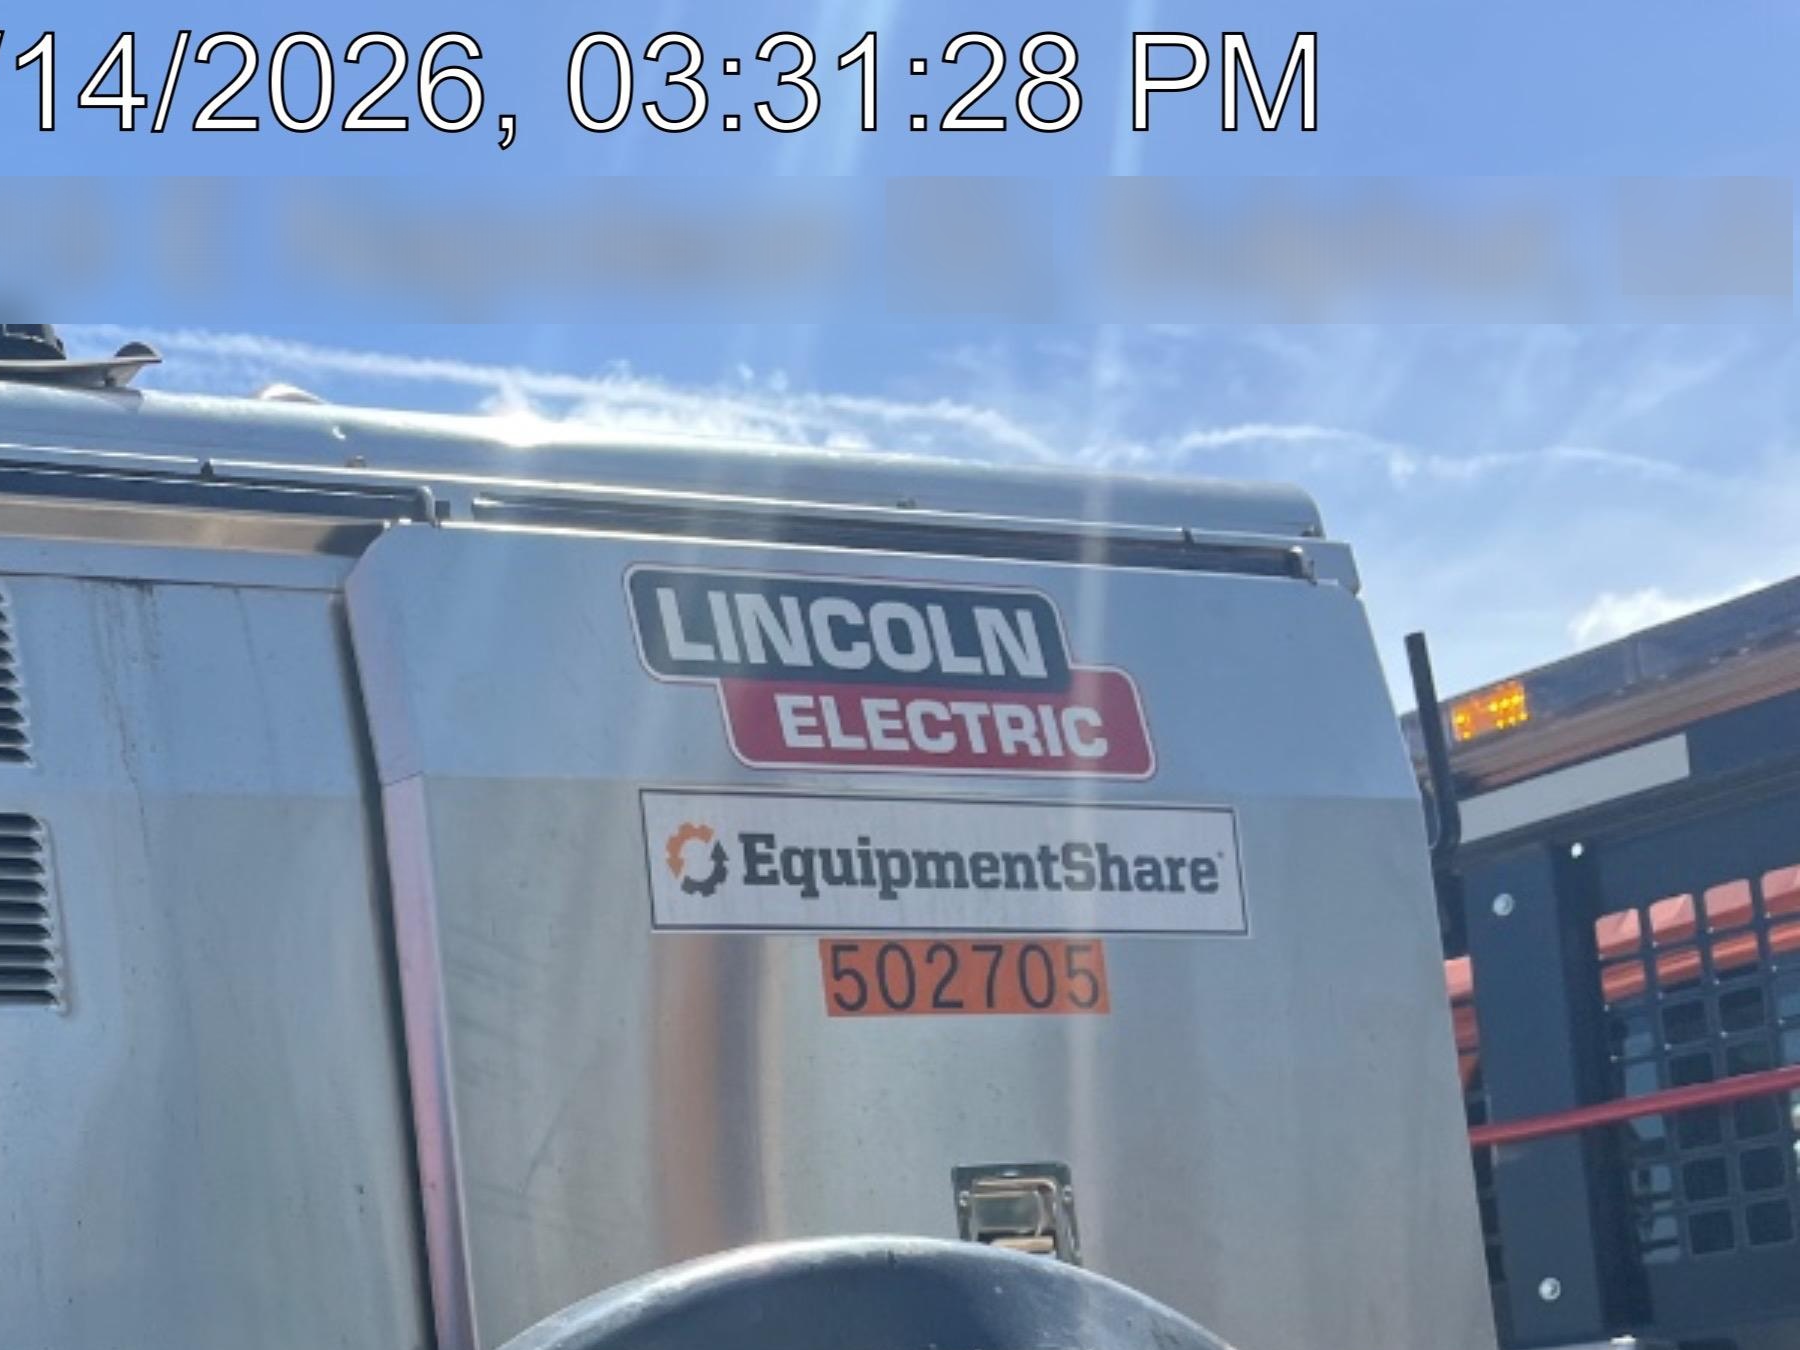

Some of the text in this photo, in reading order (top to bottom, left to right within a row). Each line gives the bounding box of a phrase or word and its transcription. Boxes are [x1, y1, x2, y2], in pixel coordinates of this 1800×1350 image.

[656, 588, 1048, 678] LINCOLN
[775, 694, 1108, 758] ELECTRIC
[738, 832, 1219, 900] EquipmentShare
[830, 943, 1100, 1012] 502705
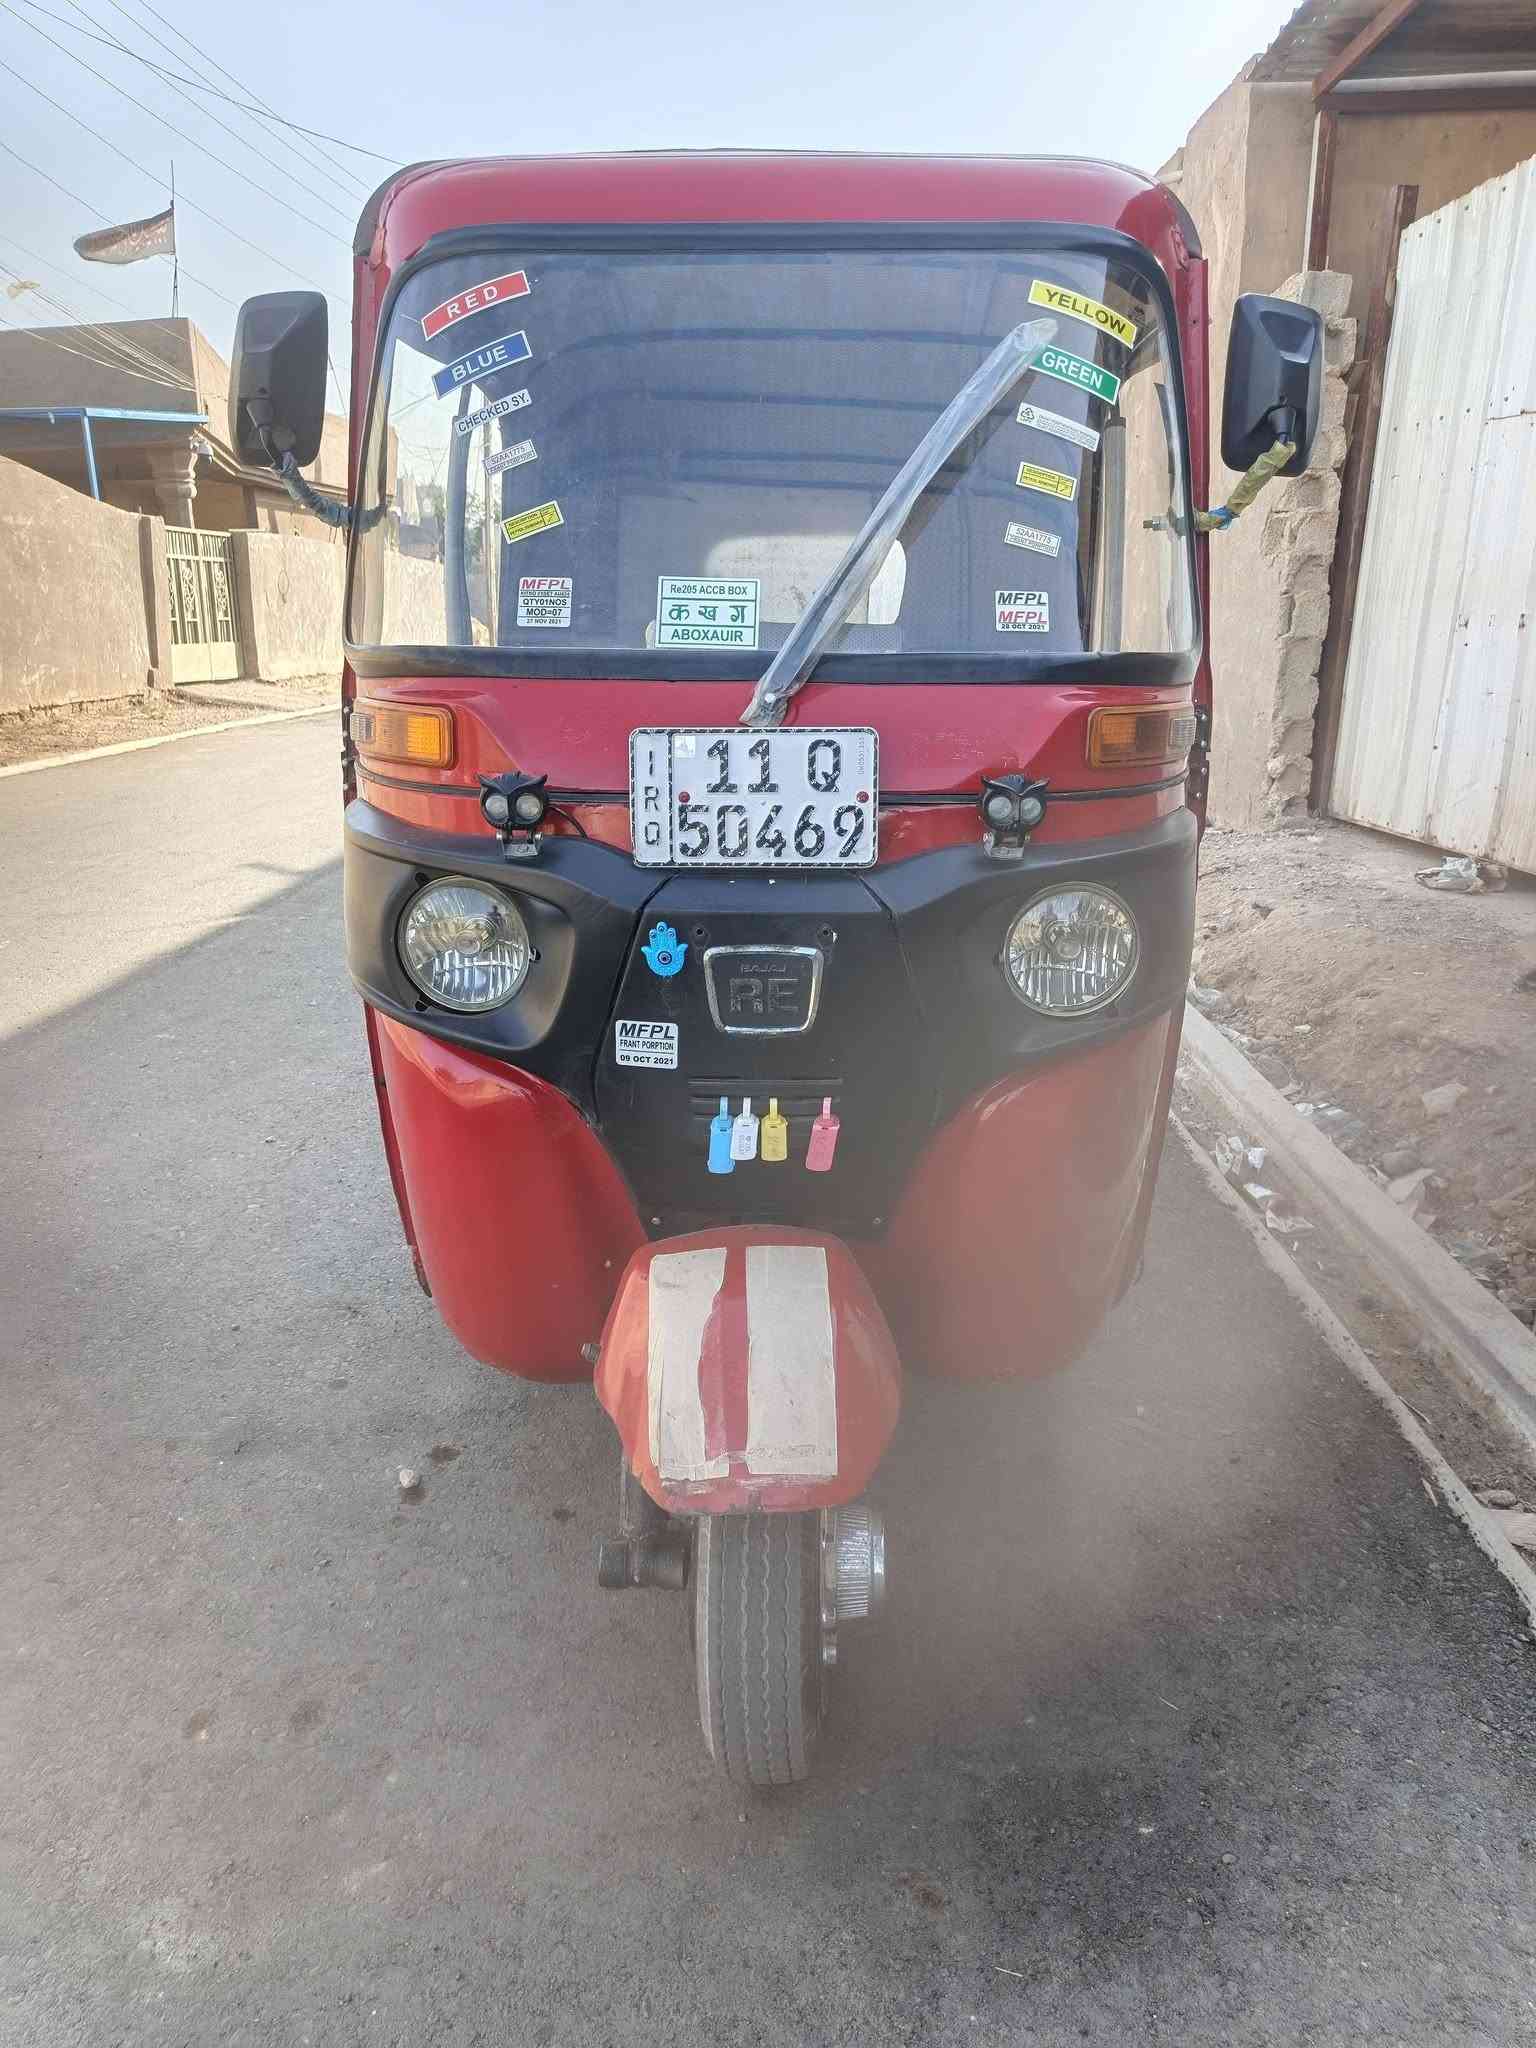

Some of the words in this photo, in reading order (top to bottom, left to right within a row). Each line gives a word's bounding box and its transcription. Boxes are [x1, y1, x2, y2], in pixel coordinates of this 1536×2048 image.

· · · · ·

**What needs to be done**
Leaving out the pictures, repeat the data above exactly.

**Finished task**
Some of the text in this photo, in reading order (top to bottom, left to right within a row). Each line gives the bounding box of a phrase or word and its transcription. Boxes are [x1, y1, x2, y2], in pixel coordinates of this 1800×1350 image.

[656, 588, 1048, 678] LINCOLN
[775, 694, 1108, 758] ELECTRIC
[738, 832, 1219, 900] EquipmentShare
[830, 943, 1100, 1012] 502705

Some of the words in this photo, in reading order (top to bottom, left to right within a row). Each line gives a word's bounding box and its transcription. Boxes are [x1, y1, x2, y2], in pixel coordinates of this 1536×2048 image.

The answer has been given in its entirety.